Quite likely there is nothing wrong with the recorder. While the recorder is a great way to get a testcase started, it is not intended to yield a perfectly working testcase for most cases.
First, let us set your expectations correctly: The recorder is a very fast and convenient way to get a testcase started – 10x-100x faster than creating it from scratch. The recorder tries to make intelligent decisions about how to build a testcase to reflect the scenario. However, many testcases will not replay correctly without at least a small amount of customization.
Second, there are cases where it would be nearly impossible to create a correct testcase without a deeper understanding of the application scenario and the underlying code. As an example, imagine a page containing a table and you’ve clicked on a link in the first row. Did you click on that link because it was in the first row? Or because the link said “click me”? Or because some other image was present in another column of that row? Only the human tester can answer that question.
So to wrap this up – some customization of testcases is to be expected. Other sections in this manual will help you diagnose problems and suggest solutions.
When Chrome auto-fills fields (login and others), it does not send a change notification for those fields. As a result, our recorder does not recognize an action on those fields and does not create a step in the testcase for them. On Windows, Chrome stores these saved settings in files that we are able to hide when launching Chrome for recording, so Chrome will not auto-fill them. The user is then forced to fill in these fields and Load Tester records them. Mildly inconvenient, but the testcase is generated correctly. On OSX, however, Chrome stores saved logins in a secure system storage that is not easily editable. We could remove logins from the system, but we could not restore them. I recommend clicking on each of those fields during the recording so that a step will be created for them. After the recording is complete, you may then edit the testcase, change the step type from click to type text and provide your credentials.
One of the more common testcase edits required to get testcases working is to add mouse move steps that enable, create or show elements on the page before they can be clicked. So why can’t Load Tester record these and save the tester the effort of inserting these steps?
We think that Load Tester could record mouse movements relatively easy, but we have chosen not to do that. Why? Because the resulting testcases would be littered with scores of mouse move steps – maybe hundreds in a testcase. The vast majority of those are not required for correct operation of the testcase and will have no effect on it. But they WILL make the testcase much harder to read and maintain. Many testcases will not need these at all, and for those that do, inserting a mouse move step is usually pretty easy. If you feel strongly that this is not the ideal solution, please contact us – we want to hear from you!
When testing with real browsers, locating the correct element to interact with is half of the battle. The recorder will choose a locator based on an analysis of the target element and the page during recording, but those locators may not be suitable. In addition, locators that are suitable at one time may become unsuitable as the application changes over time. Please refer to our article on locating elements.
Yes, you can set a breakpoint on any step.
Starting in version 6.1, this information is included in the diagnostic logs that are captured by the virtual user when an error occurs.
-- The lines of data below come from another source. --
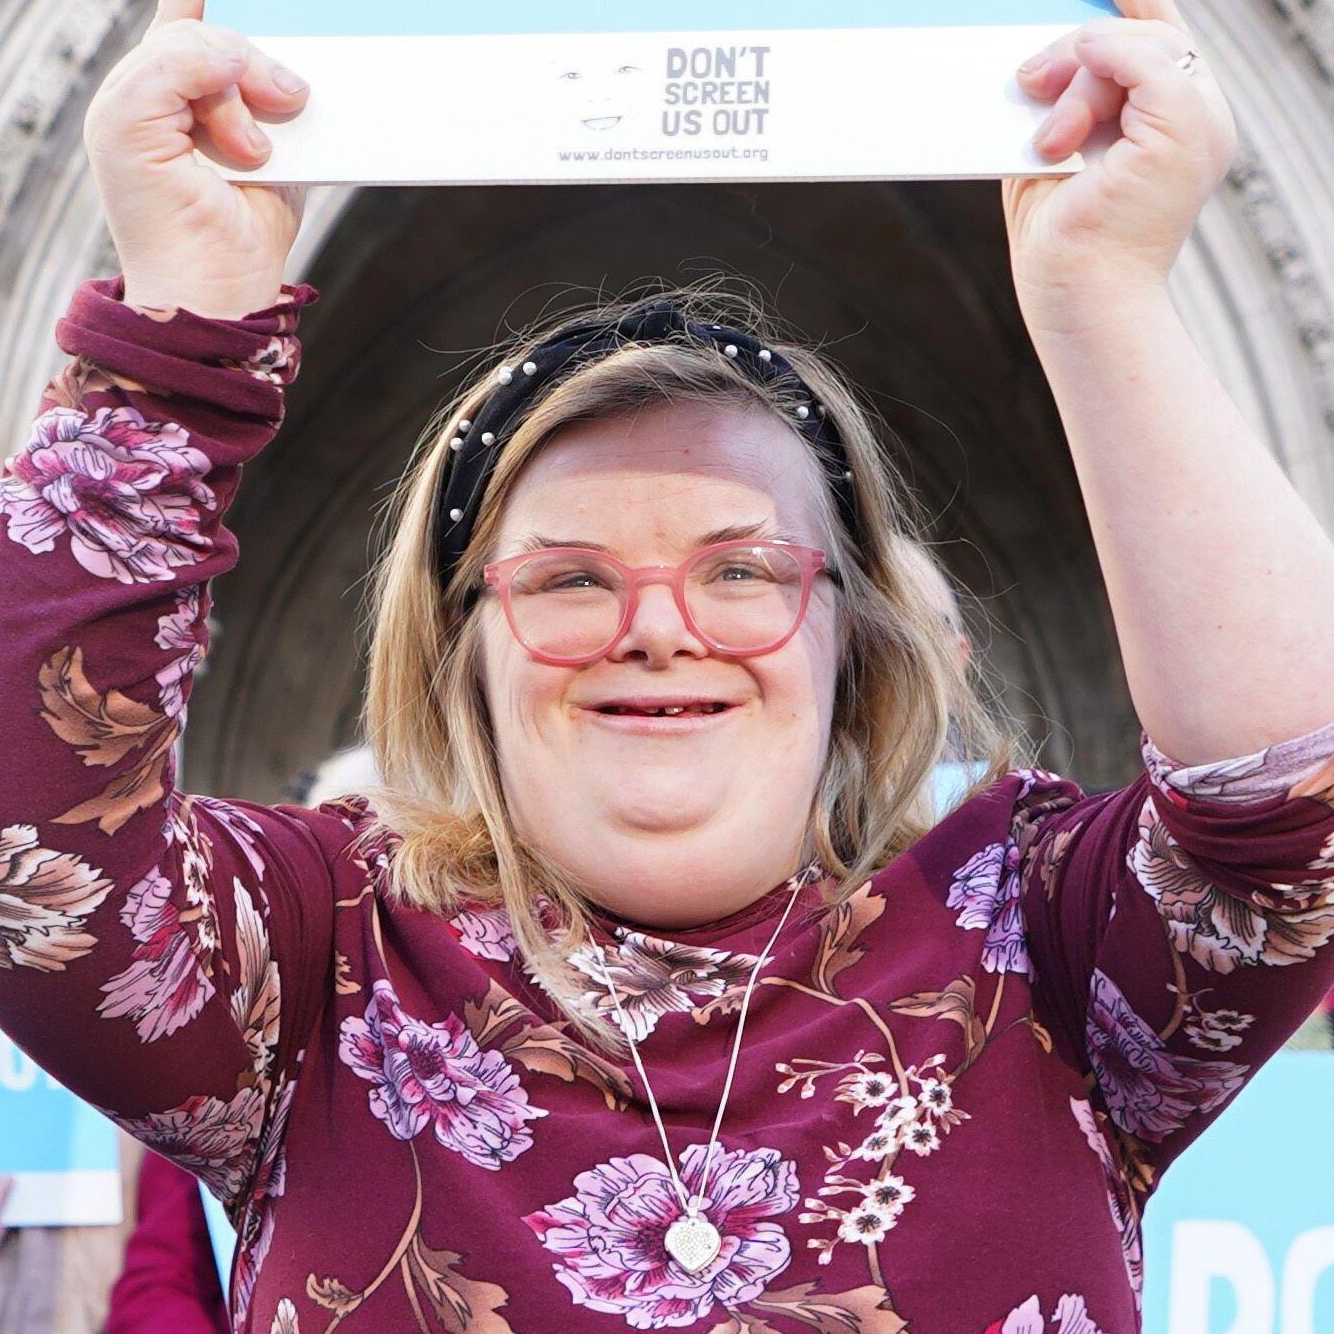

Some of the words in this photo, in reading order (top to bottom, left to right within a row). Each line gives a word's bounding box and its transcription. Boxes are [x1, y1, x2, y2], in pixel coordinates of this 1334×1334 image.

[666, 46, 770, 80] DON'T
[664, 81, 769, 106] SCREEN
[661, 110, 702, 137] US
[713, 108, 769, 135] OUT
[559, 146, 769, 162] www.dontscreenusout.org
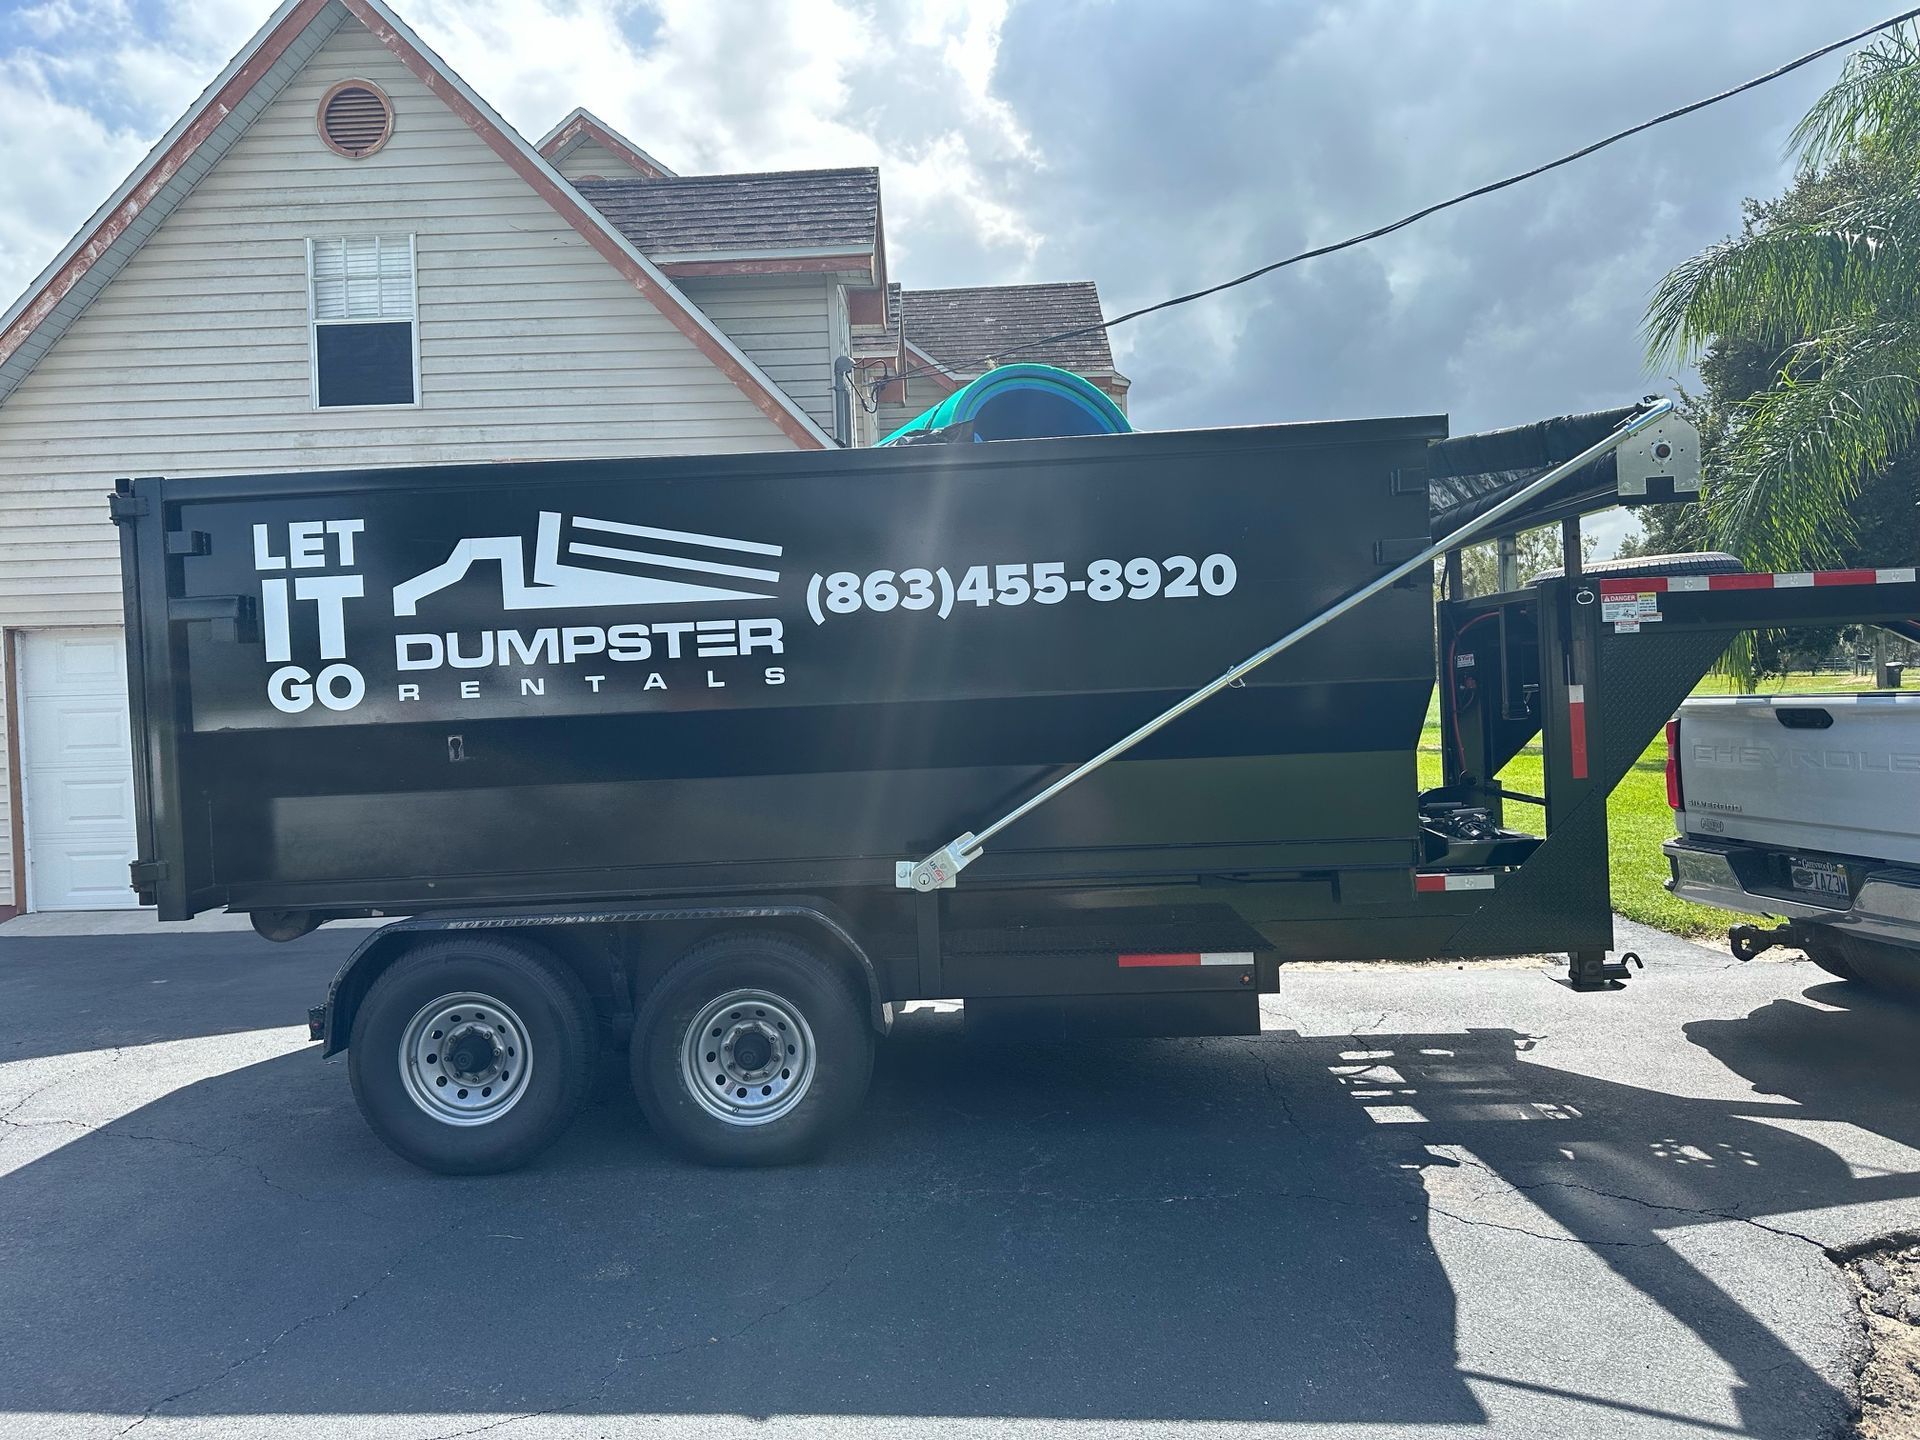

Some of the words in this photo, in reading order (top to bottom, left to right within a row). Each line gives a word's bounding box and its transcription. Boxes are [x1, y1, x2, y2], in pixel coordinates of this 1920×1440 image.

[252, 518, 365, 571] LET
[806, 553, 1237, 626] (863)455-8920
[261, 574, 365, 663] IT
[395, 618, 784, 671] DUMPSTER
[267, 663, 366, 713] GO
[398, 667, 786, 702] RENTALS
The logs are available when a replay fails:
Click the HTML and logs link and then scroll down past the HTML source to find the diagnostic logs. The testcase execution log will contain lines like this:
00:06.762 Start step: Type Dataset userlist:username into element with ID = "user_login" 00:07.334 Resolved datasource: Dataset userlist:username = user1
The second line shows the value that the datasource (Dataset userlist:username) provided when the step was executed.
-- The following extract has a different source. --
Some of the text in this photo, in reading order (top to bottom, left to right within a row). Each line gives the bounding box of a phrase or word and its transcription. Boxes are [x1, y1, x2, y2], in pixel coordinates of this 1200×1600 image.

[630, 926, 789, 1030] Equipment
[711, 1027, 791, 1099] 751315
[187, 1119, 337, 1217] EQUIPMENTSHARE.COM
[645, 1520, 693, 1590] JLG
When investigating an error in a load test, the same information is available if there is an image icon next to the error (which indicates that a screenshot and logs were captured). You can access the HTML and logs from the context menu for the error:
Load Tester attempts to automatically decide which steps should be in the report when it creates the steps during recording (based on the event type (click, etc) and the URLs of the pages). This saves testers from having to sift through hundreds of unimportant steps to find the important ones.
If step display/edit area at the top of the testcase editor shows a “measure this?” label for a step, then the step will not be measured. To turn on measurement for the step, press the “measure this?” label. It will say “not yet measured” until the next replay of the testcase and will be measured in future load tests (and included in the load test report).